Saturday, December 10, 2011

Feather By David Rix




Feather is an intricate latticework of nine separate novellas introducing the reader to an original form of storytelling. Set against the backdrop of ocean and sea, David Rix introduces us to his dark and often complicated muse: Feather the wandering girl – an orphaned eccentric who embodies the nomadic spirit. Someone who flits into people’s lives, touches them with magic, and ultimately flits away again … often leaving battered souls in her wake. 

With the opening novella, Yellow Eyes, Rix gives us perfect overture for this atypical protagonist: the story of a childhood spent living on the outskirts of a haunted wasteland (her only company that of a domineering Father), one who has escaped the modern world and deprived Feather a normal life in the process. After escaping this bleak environment, Feather returns to the only world she knows intimately: sand and sea. Here she meets Jimmy Ward, and a close attachment ensues. (The prose here is often littered with bullet-pointed snippets of signs and revelations that give insight into both character's – an unusual form of pacing).

Touch Wood sees the character of Feather shifting into lives in the modern world. Always told from another central character, Touch Wood a small narrative of love espoused in a bar. Although it features a highly unlikable protagonist, it’s blended with both the spiritual and philosophical: the study of particle physics and their relation to the world of being human. 

A central and larger novella, The Magpies introduces us to another character on Feather’s periphery … one who lives in isolation in the Southern European Mountains – a locale where she hopes to find a musical muse. After discovering a dead Magpie on the front stoop, it sends off a chain reaction of feathered ghosts and macabre scenery, ushering her into a confrontation with the muse.

In Book Of Tides Feather again returns to the sea and meets another unlikely male companion: a ghost writer who sees every tale in the next tide. With Feather’s arrival, it brings in a story of death – one forcing her to ultimately leave again with a dawning knowledge stories themselves are the enemy.

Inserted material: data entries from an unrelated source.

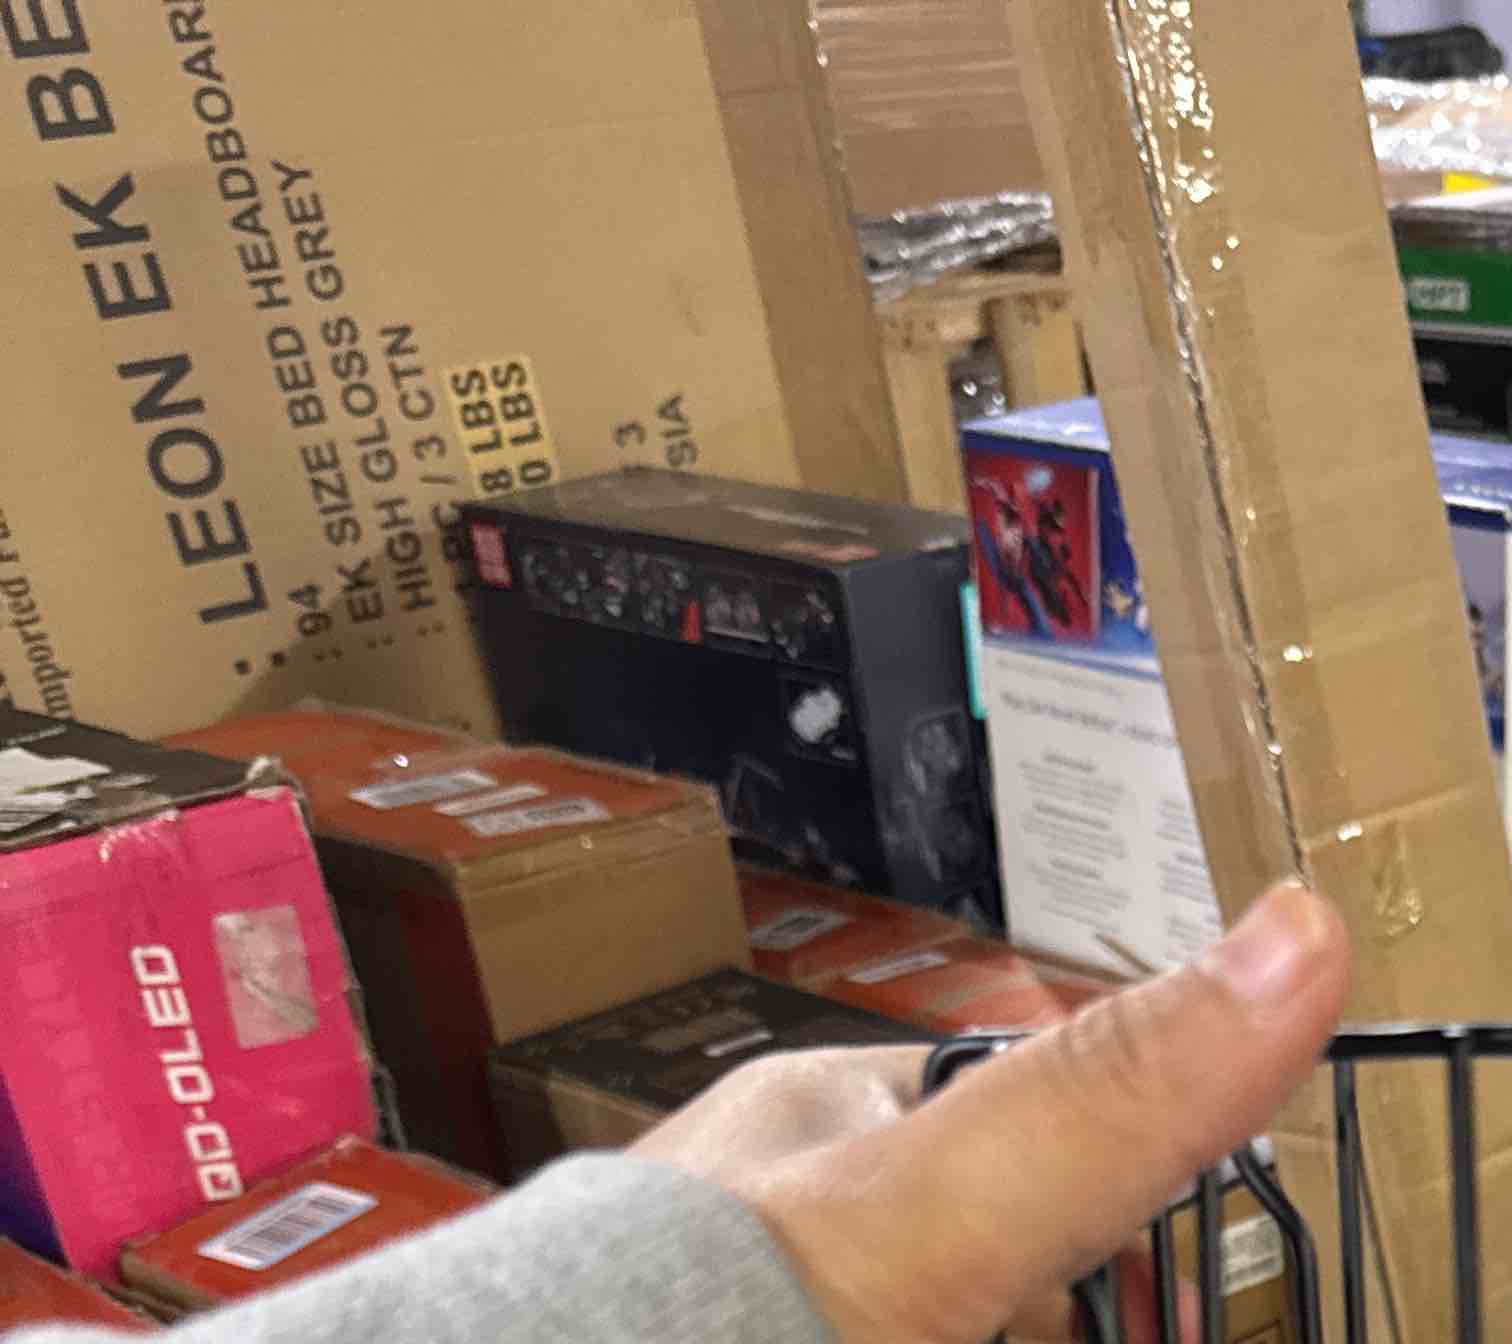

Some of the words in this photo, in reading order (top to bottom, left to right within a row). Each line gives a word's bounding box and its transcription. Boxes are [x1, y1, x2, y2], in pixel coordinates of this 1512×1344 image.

[163, 0, 291, 309] HEADBOAR
[54, 170, 172, 321] EK
[270, 159, 347, 302] GREY
[266, 325, 327, 429] BED
[320, 315, 398, 483] GLOSS
[381, 323, 436, 421] CTN
[451, 368, 504, 456] LBS
[490, 361, 544, 448] LBS
[117, 353, 268, 623] LEON
[301, 440, 362, 547] SIZE
[336, 557, 384, 624] EK
[374, 498, 436, 612] HIGH
[0, 568, 74, 718] mported

Another long novella, To call the Sea opens the curtain to Feather attending College. Another rag-tag cast is assembled, a hundred different artistic outlooks – each one like a moon to Feather’s Jupiter. Abruptly normal college life bursts into an alternate dimension … one like a portal into that strange sea-world Feather inhabits. It's a confusing climax – you never know whether to feel palpably perplexed or just enchanted. As a collective whole, the tales seem like an epic vehicle for the author’s syntax.

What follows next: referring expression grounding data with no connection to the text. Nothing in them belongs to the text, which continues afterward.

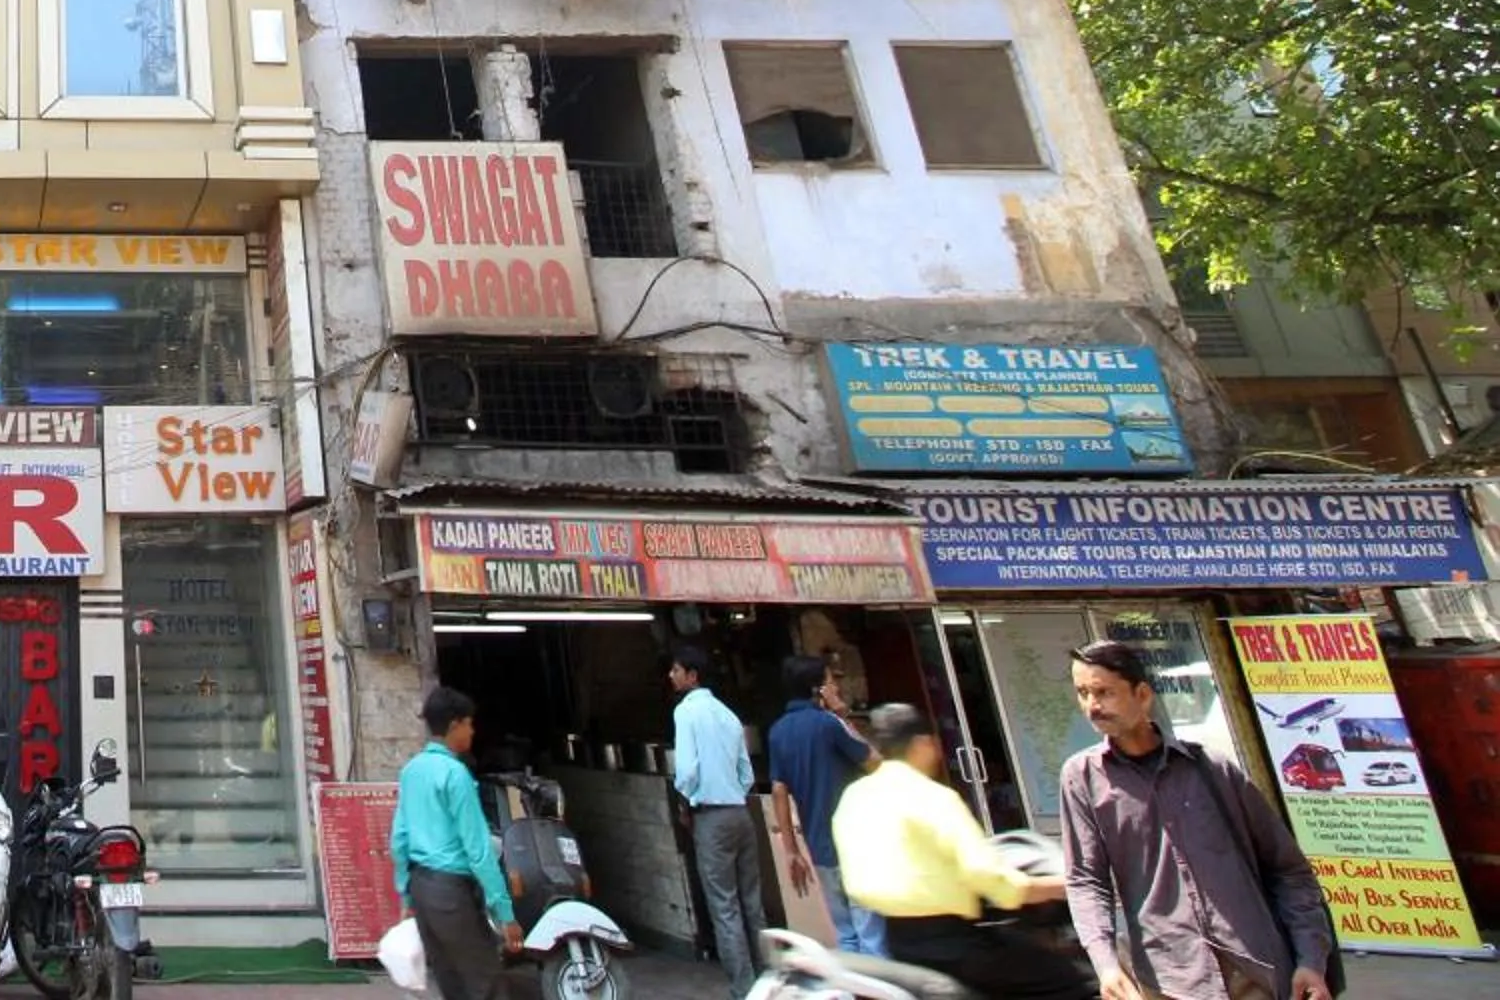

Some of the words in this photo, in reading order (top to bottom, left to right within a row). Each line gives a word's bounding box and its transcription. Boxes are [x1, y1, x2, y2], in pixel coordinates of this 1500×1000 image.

[382, 152, 567, 249] SWAGAT
[111, 237, 234, 266] VIEW
[402, 257, 578, 320] DHABA
[852, 347, 951, 368] TREK
[963, 348, 989, 368] &
[997, 348, 1138, 369] TRAVEL
[157, 415, 264, 456] Star
[873, 438, 975, 450] TELEPHONE
[986, 439, 1019, 451] STD
[1081, 440, 1113, 450] FAX
[156, 461, 277, 503] View
[911, 498, 1057, 523] TOURIST
[1070, 496, 1312, 523] INFORMATION
[1319, 496, 1455, 521] CENTRE
[431, 519, 484, 548] KADAI
[487, 522, 556, 551] PANEER
[921, 527, 1009, 542] ESERVATION
[1012, 527, 1042, 541] FOR
[1045, 527, 1096, 542] FLIGHT
[1099, 527, 1161, 543] TICKETS,
[1165, 527, 1205, 541] TRAIN
[1209, 526, 1271, 541] TICKETS,
[1273, 526, 1301, 540] BUS
[1304, 526, 1361, 540] TICKETS
[1364, 526, 1374, 539] &
[1377, 526, 1405, 540] CAR
[1408, 525, 1460, 539] RENTAL
[936, 547, 1003, 561] SPECIAL
[1008, 547, 1079, 561] PACKAGE
[1083, 546, 1137, 560] TOURS
[1140, 546, 1172, 560] FOR
[1175, 545, 1267, 560] RAJASTHAN
[1270, 544, 1304, 558] AND
[1306, 544, 1360, 558] INDIAN
[1362, 543, 1449, 557] HIMALAYAS
[485, 560, 536, 595] TAWA
[538, 561, 580, 595] ROTI
[590, 565, 641, 598] THALI
[998, 565, 1107, 579] INTERNATIONAL
[1109, 564, 1192, 578] TELEPHONE
[1193, 563, 1267, 577] AVAILABLE
[1268, 563, 1306, 577] HERE
[1308, 563, 1341, 578] STD,
[1371, 563, 1398, 576] FAX
[1235, 625, 1287, 662] TREK
[1283, 625, 1300, 662] &
[1297, 621, 1379, 662] TRAVELS
[20, 629, 63, 794] BAR
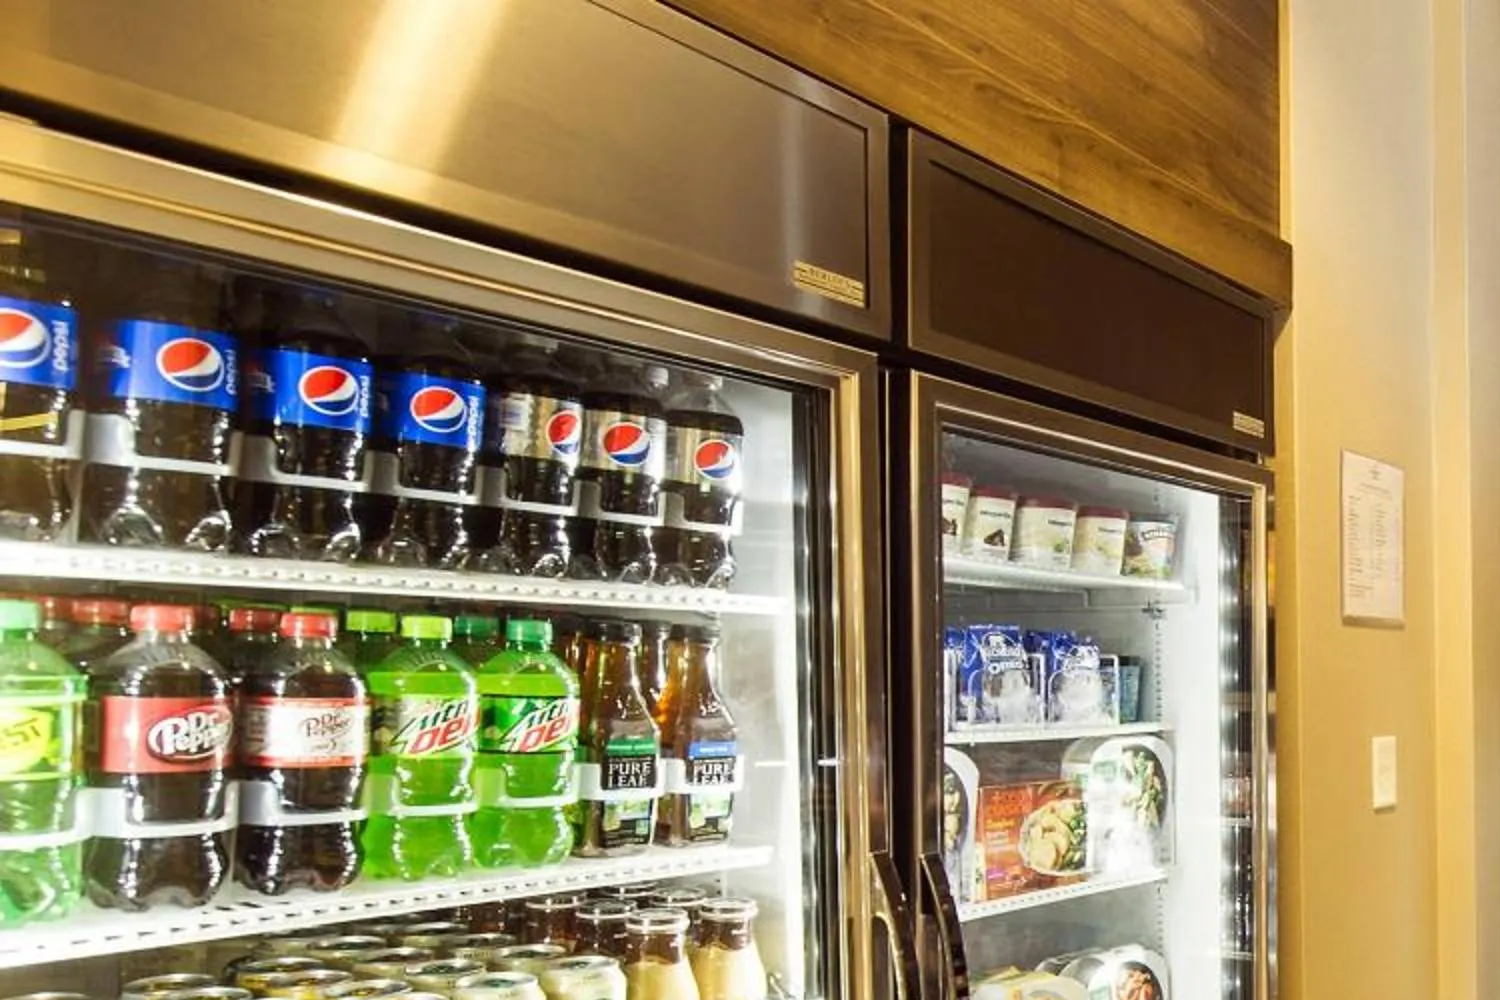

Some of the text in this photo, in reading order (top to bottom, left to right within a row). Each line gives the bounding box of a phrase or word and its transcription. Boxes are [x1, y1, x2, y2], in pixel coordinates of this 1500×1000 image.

[52, 320, 69, 372] pepsi
[224, 349, 237, 395] pepsi
[360, 375, 370, 418] pepsi
[467, 395, 480, 436] pepsi
[608, 761, 652, 775] PURE
[608, 775, 648, 789] LEAF
[694, 763, 732, 775] PURE

It’s the final stories, however, that are crowing jewels.  Displaying a less cerebral style which still showcases a sharp sting, we follow Tallis through the streets of LjubLjana. These are bleak and functional spaces ... one that may remind a reader of Clive Barker's early stylings traversing the streets of Liverpool.

Overall Feather is like one of the more slipstream stories one might encounter in high-school, yet bristling at the seams with unconventional horror. It's a book that potentially serves as a strange metaphor for the author's personal character ... at turns both mythic and seductive.